# What is being asked
Please output all the entries word for word, without the pictures.

# Provided records

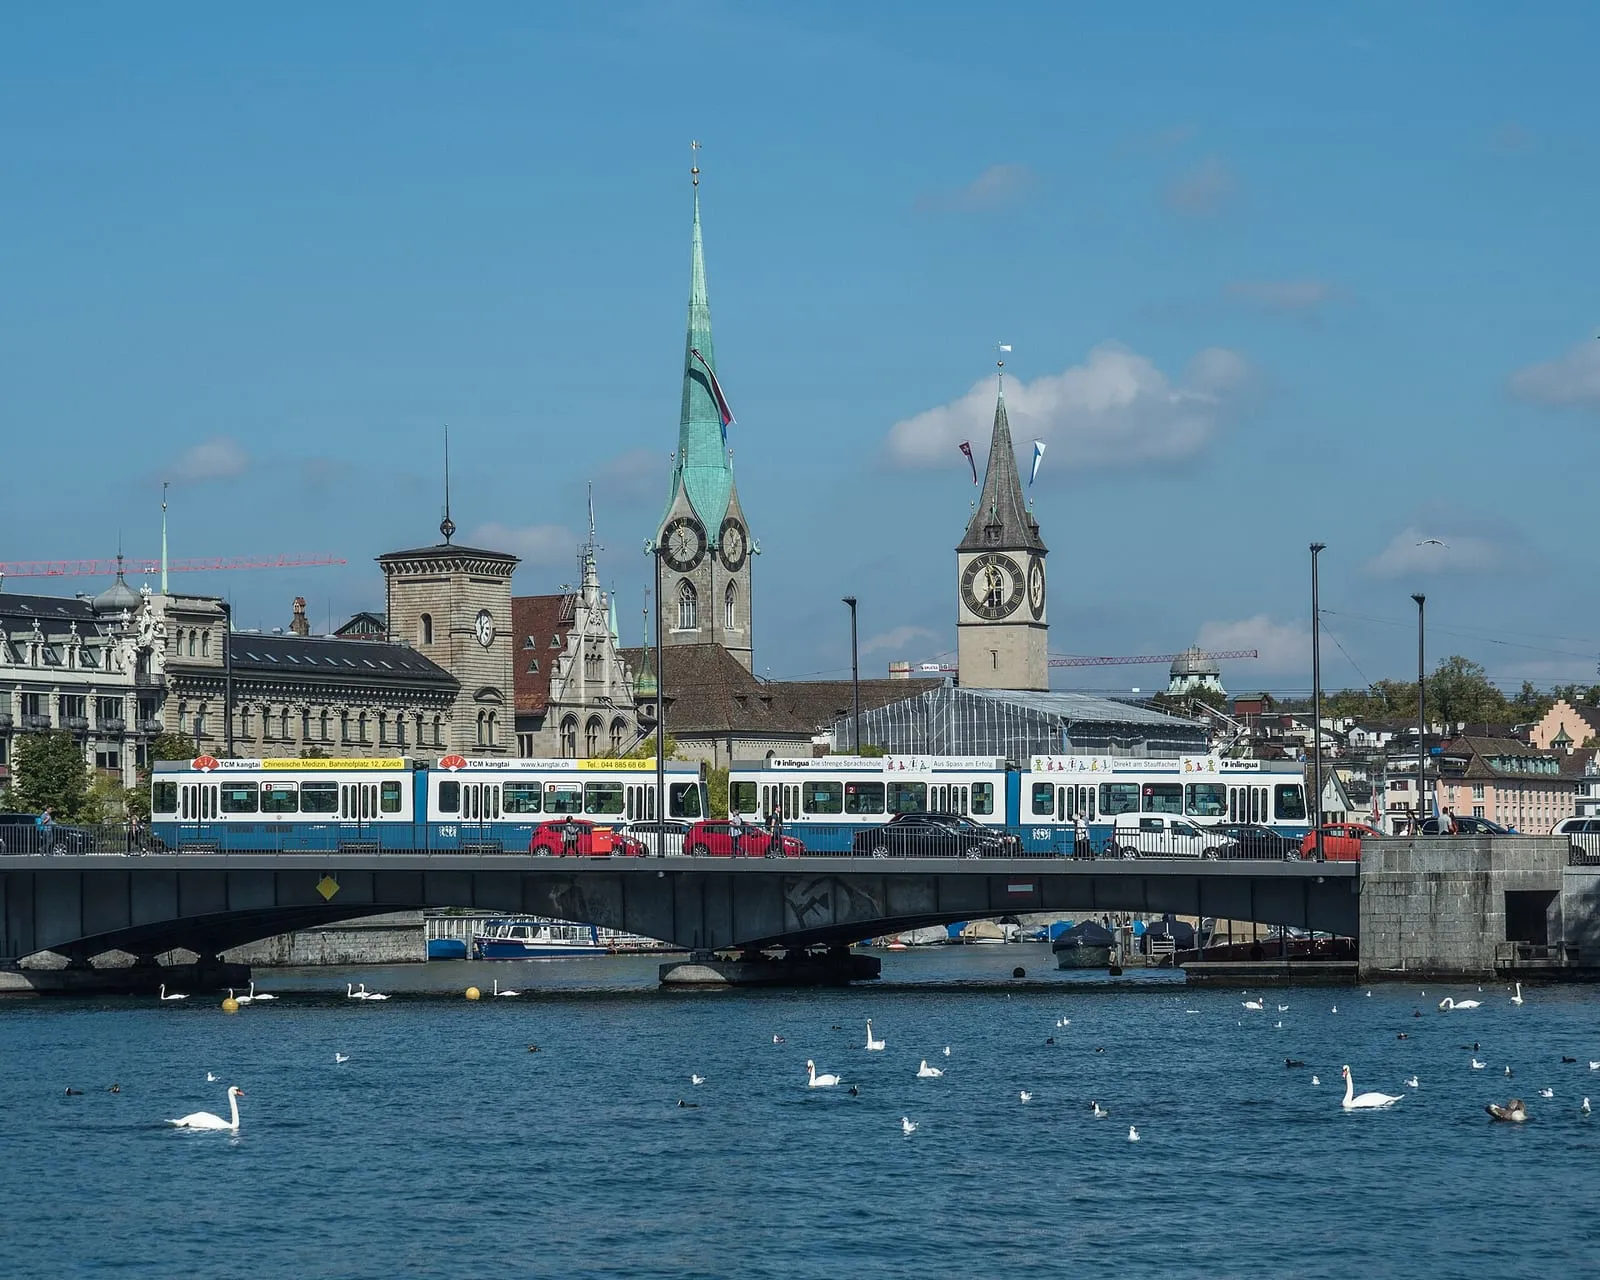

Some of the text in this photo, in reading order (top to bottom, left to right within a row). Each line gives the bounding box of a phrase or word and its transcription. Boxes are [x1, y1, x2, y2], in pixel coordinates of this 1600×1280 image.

[236, 761, 260, 769] kangtai
[302, 761, 328, 769] Medizin,
[329, 761, 369, 769] Bahnhofplatz
[382, 760, 402, 768] Zürich
[485, 761, 510, 769] kangtai
[520, 761, 569, 769] www.kangtai.ch
[782, 760, 810, 768] inlingua
[821, 760, 843, 768] strenge
[843, 760, 882, 768] Sprachschule
[1230, 760, 1258, 769] inlingua
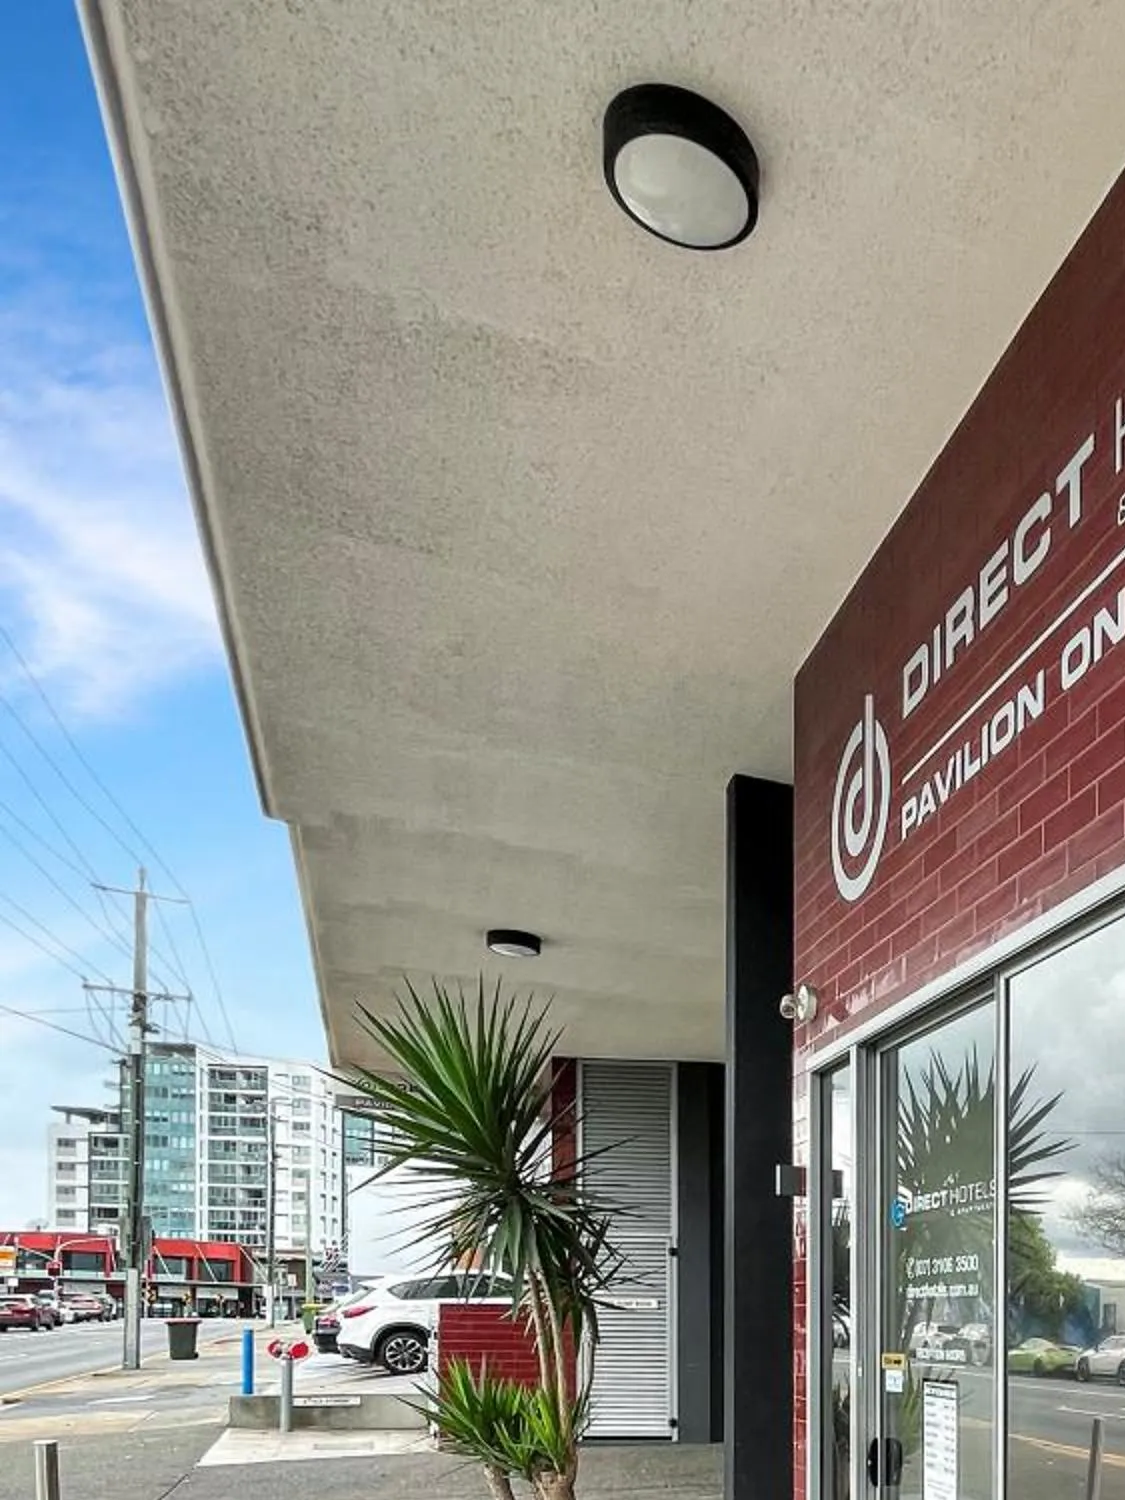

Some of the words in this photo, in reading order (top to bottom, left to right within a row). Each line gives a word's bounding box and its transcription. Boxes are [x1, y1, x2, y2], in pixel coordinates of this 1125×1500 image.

[902, 433, 1095, 720] DIRECT
[901, 669, 1045, 842] PAVILION
[954, 1253, 979, 1272] 3500
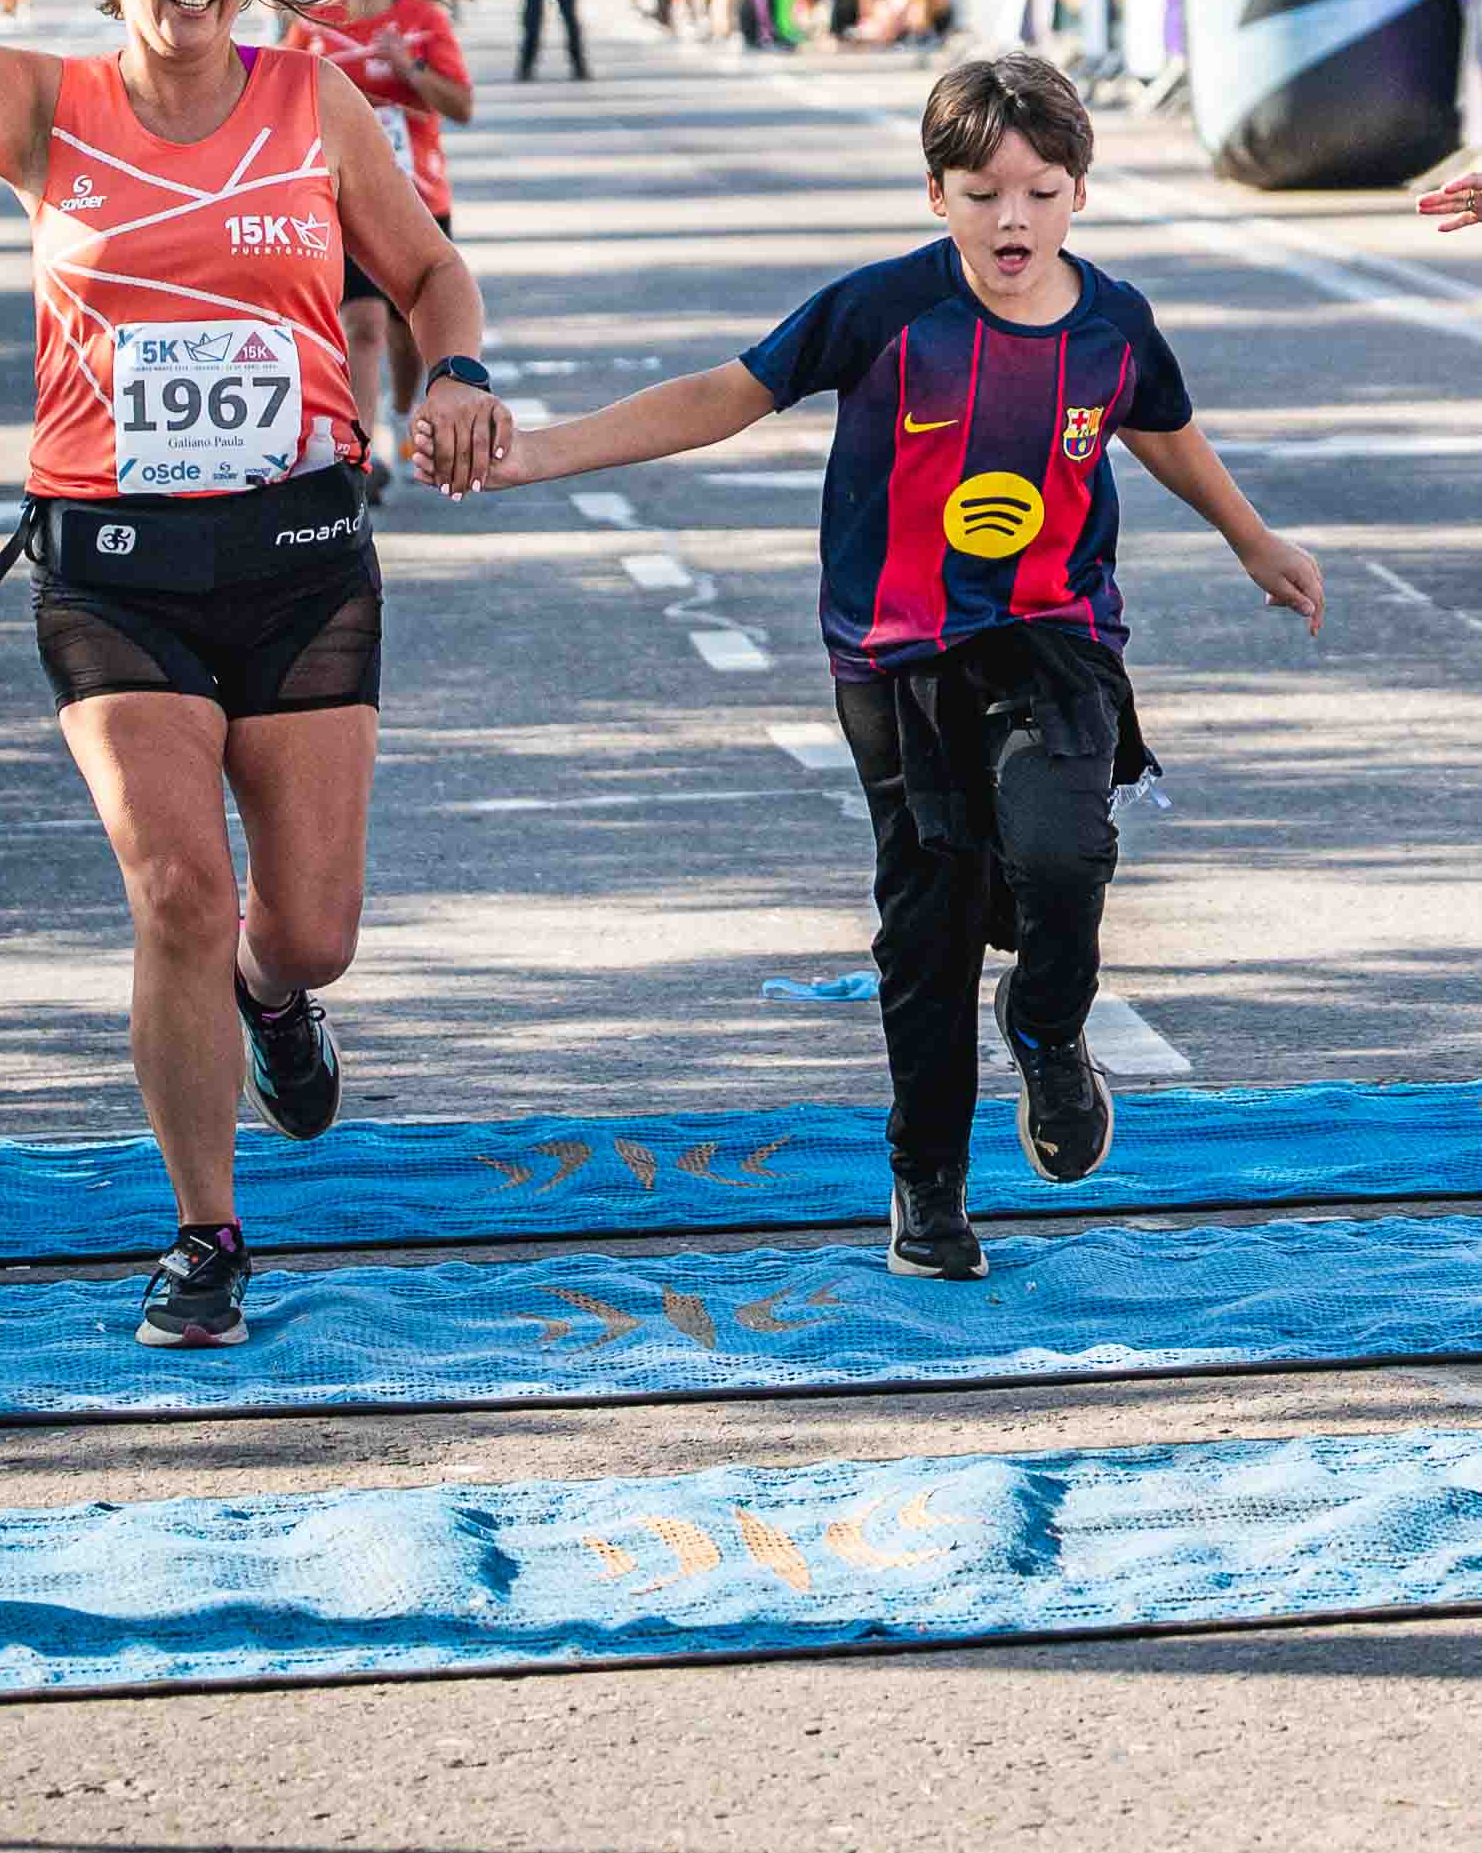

# Output for this task
Some of the text in this photo, in reading order (top to bottom, left to right within a row). Each line gives the bounding box of a phrase or word and its transcription. Boxes are [x1, y1, x2, y2], in pixel coordinates of this 1600×1280 image.

[236, 761, 260, 769] kangtai
[302, 761, 328, 769] Medizin,
[329, 761, 369, 769] Bahnhofplatz
[382, 760, 402, 768] Zürich
[485, 761, 510, 769] kangtai
[520, 761, 569, 769] www.kangtai.ch
[782, 760, 810, 768] inlingua
[821, 760, 843, 768] strenge
[843, 760, 882, 768] Sprachschule
[1230, 760, 1258, 769] inlingua

Some of the words in this photo, in reading order (top to bottom, left to right within a row). Each line gives a word's bounding box and its transcription. Boxes are [x1, y1, x2, y2], in pixel coordinates of this 1125×1500 image.

[902, 433, 1095, 720] DIRECT
[901, 669, 1045, 842] PAVILION
[954, 1253, 979, 1272] 3500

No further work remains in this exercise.